Output all of the data exactly, keeping any images out of the copy.

Images for object localization
^^^^^^^^

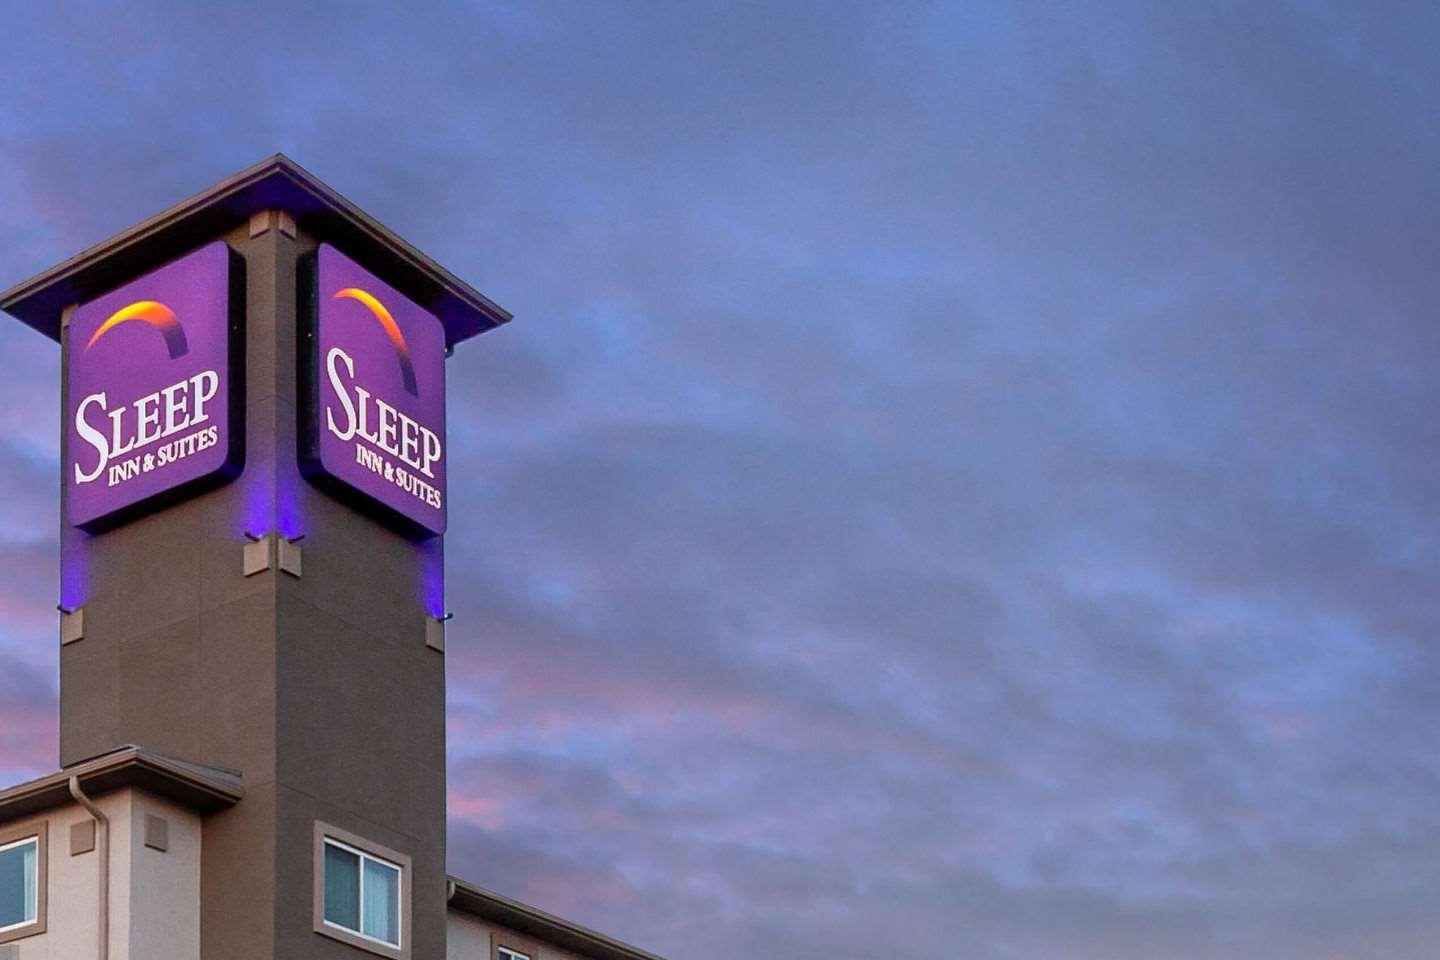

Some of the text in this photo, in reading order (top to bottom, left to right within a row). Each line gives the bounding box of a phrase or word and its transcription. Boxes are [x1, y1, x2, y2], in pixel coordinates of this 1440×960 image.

[75, 370, 219, 484] SLEEP
[108, 425, 218, 487] INN & SUITES
[326, 347, 441, 479] SLEEP
[356, 443, 441, 509] INN & SUITES
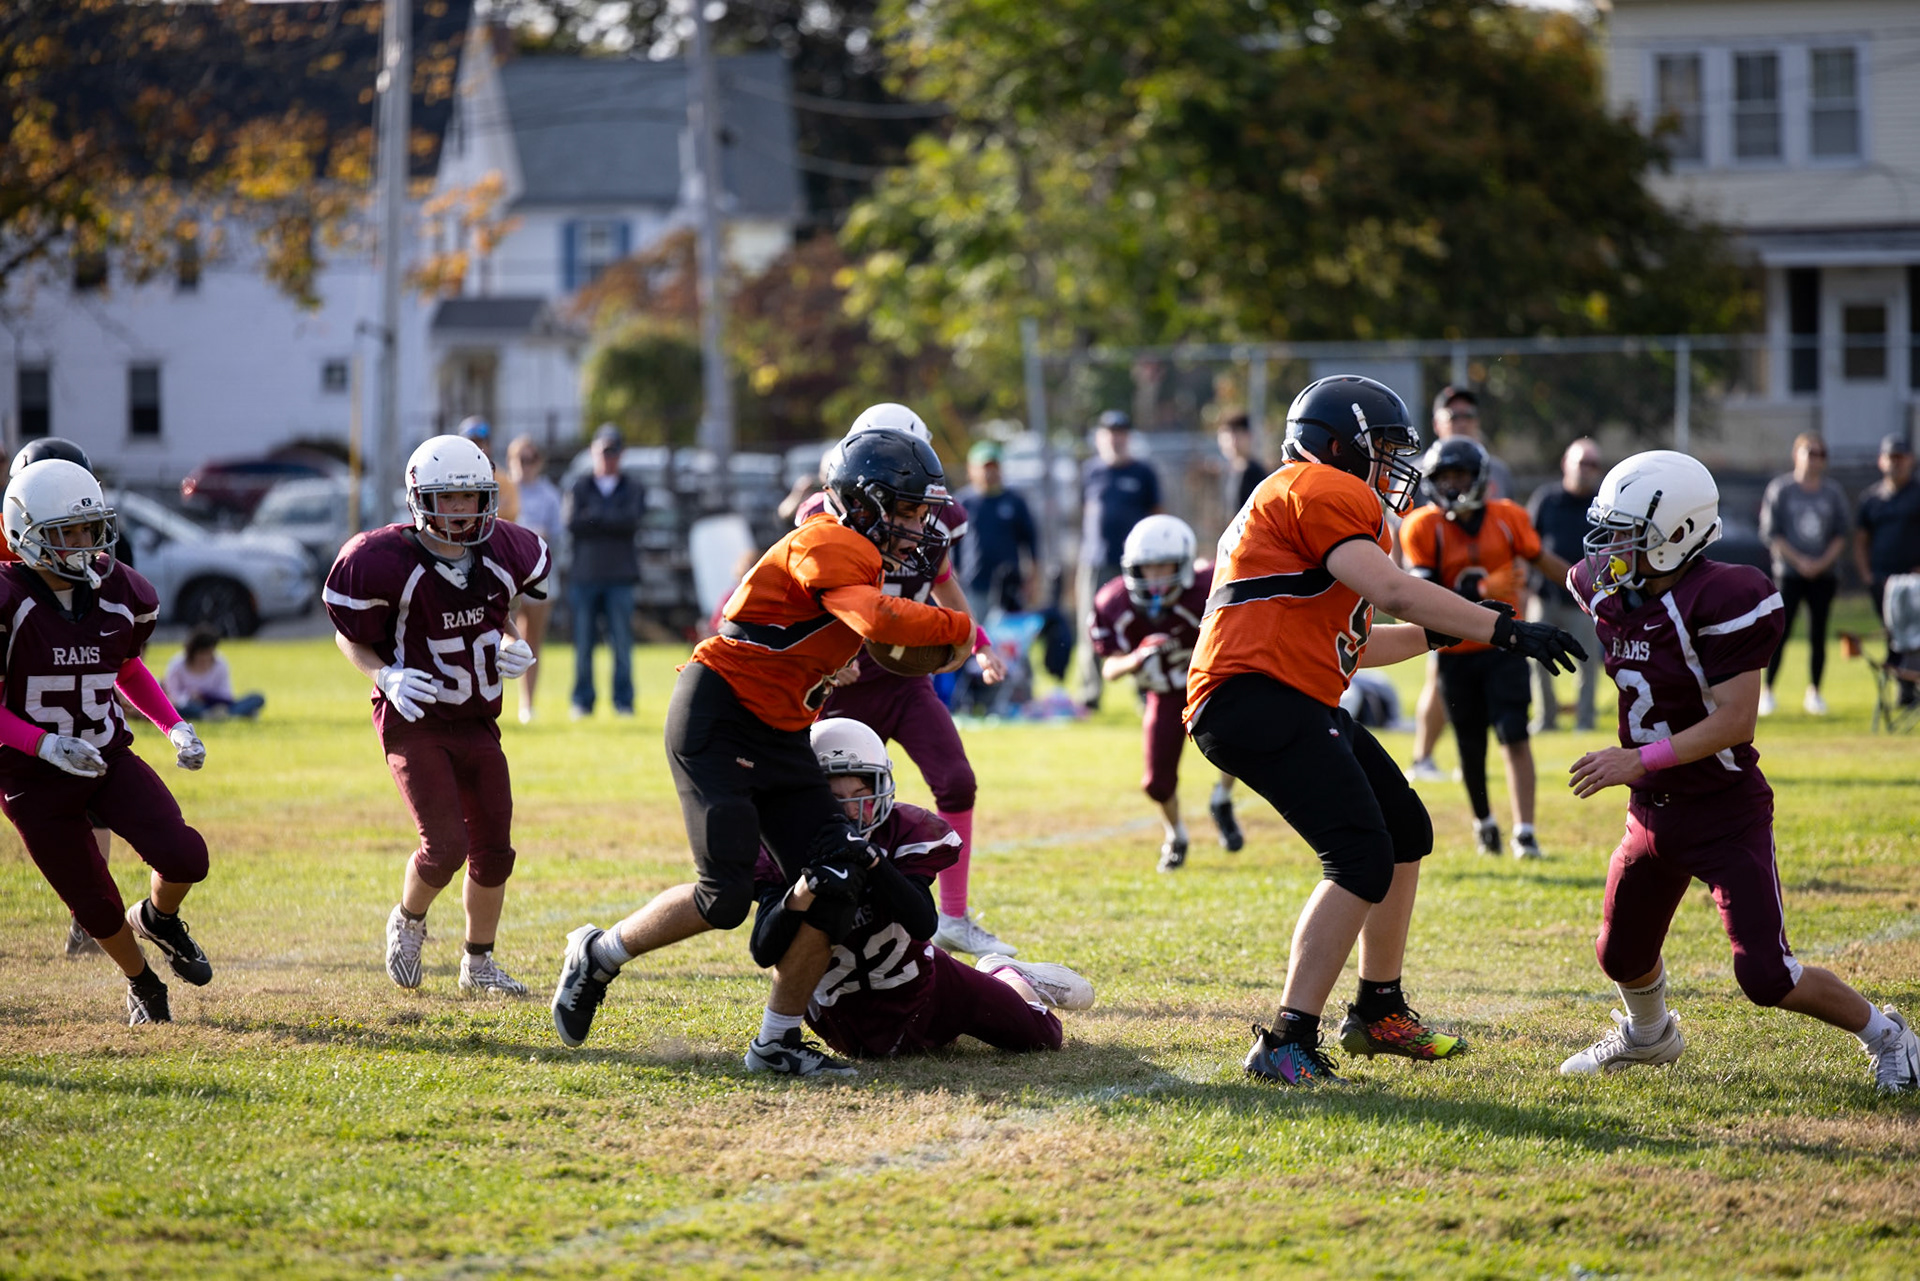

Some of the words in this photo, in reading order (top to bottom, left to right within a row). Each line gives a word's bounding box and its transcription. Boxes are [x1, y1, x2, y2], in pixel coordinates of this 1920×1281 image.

^^^^^^^^

• **ANSWER TO THE EXERCISE**:
Some of the text in this photo, in reading order (top to bottom, left to right within a row). Each line gives the bounding box of a phrase or word and its transcription. Boxes are [x1, y1, x2, y2], in pixel coordinates of this 1440×960 image.

[75, 370, 219, 484] SLEEP
[108, 425, 218, 487] INN & SUITES
[326, 347, 441, 479] SLEEP
[356, 443, 441, 509] INN & SUITES

Some of the words in this photo, in reading order (top to bottom, left to right within a row). Each line gives a word's bounding box and its transcription. Boxes are [x1, y1, x2, y2], in pixel coordinates of this 1920×1281 image.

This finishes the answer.